Künstliche Intelligenz, um eingereichte Klagen bei Gericht zu überprüfen

Asunción: Der Oberste Gerichtshof untersucht den Einsatz künstlicher Intelligenz zur Kontrolle der Zulässigkeit von Klagen, um den Prozess zu beschleunigen. Mittlerweile befinden sich 15.000 Akten im Archiv, die noch geprüft werden müssen.

Víctor Rios, Minister des Obersten Gerichtshofs, erklärte in einem Interview, woraus die neue Technologie besteht, die die höchste Justizinstanz umzusetzen gedenkt und deren Einsatz derzeit umfassend untersucht wird.

Durch eine Vereinbarung mit der United States Agency for International Development (USAID) wollen sie eine Software implementieren, um die Zulässigkeit von Klagen zu kontrollieren.
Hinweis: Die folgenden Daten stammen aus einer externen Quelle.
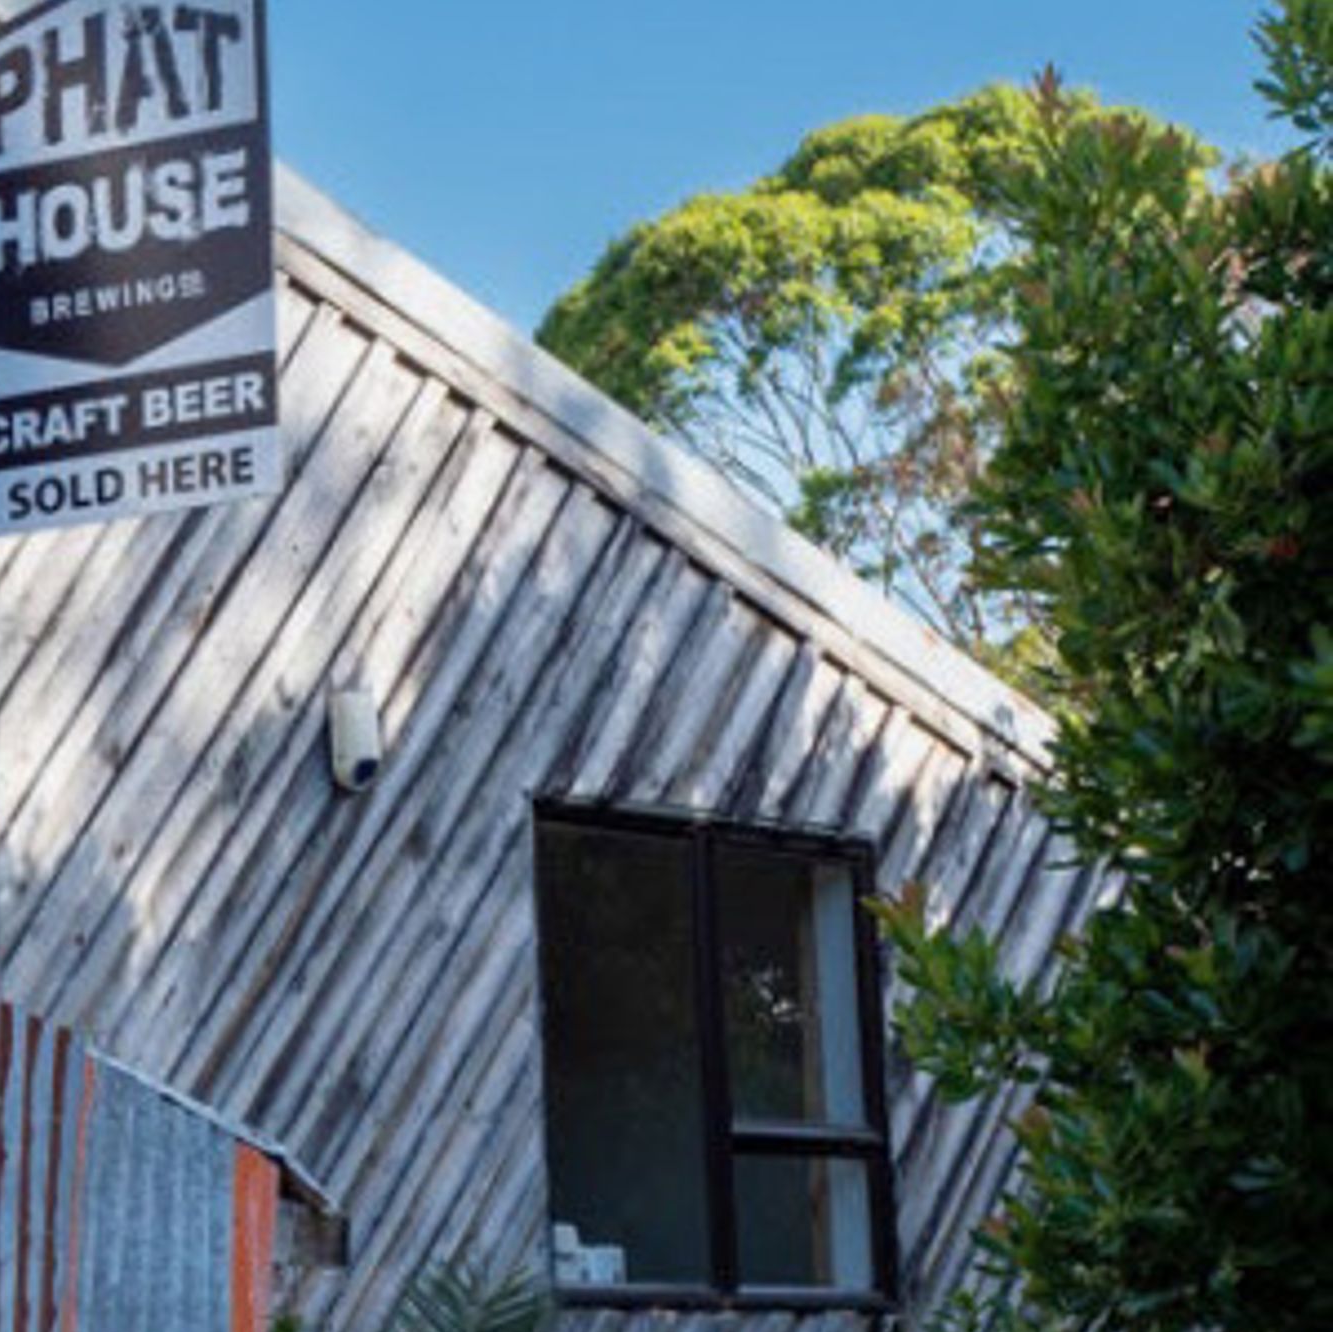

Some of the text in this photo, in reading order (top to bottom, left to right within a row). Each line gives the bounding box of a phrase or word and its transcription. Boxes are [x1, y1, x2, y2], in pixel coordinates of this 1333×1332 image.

Dieses Verfahren hat standardisierte Aspekte, die mit künstlicher Intelligenz programmiert werden können.

„Im Durchschnitt werden 4.000 Klagen pro Jahr eingereicht und ungefähr 1.000 sind in Bearbeitung. In drei Jahren sind es 12.000 Akten. Das dauert also lange für die berühmte Zulässigkeitskontrolle“, sagte Ríos.

„Im Moment führen wir eine Prüfung der gesamten Fälle durch und wir haben insgesamt etwa 15.000 Fälle zu bearbeiten“, fuhr er fort.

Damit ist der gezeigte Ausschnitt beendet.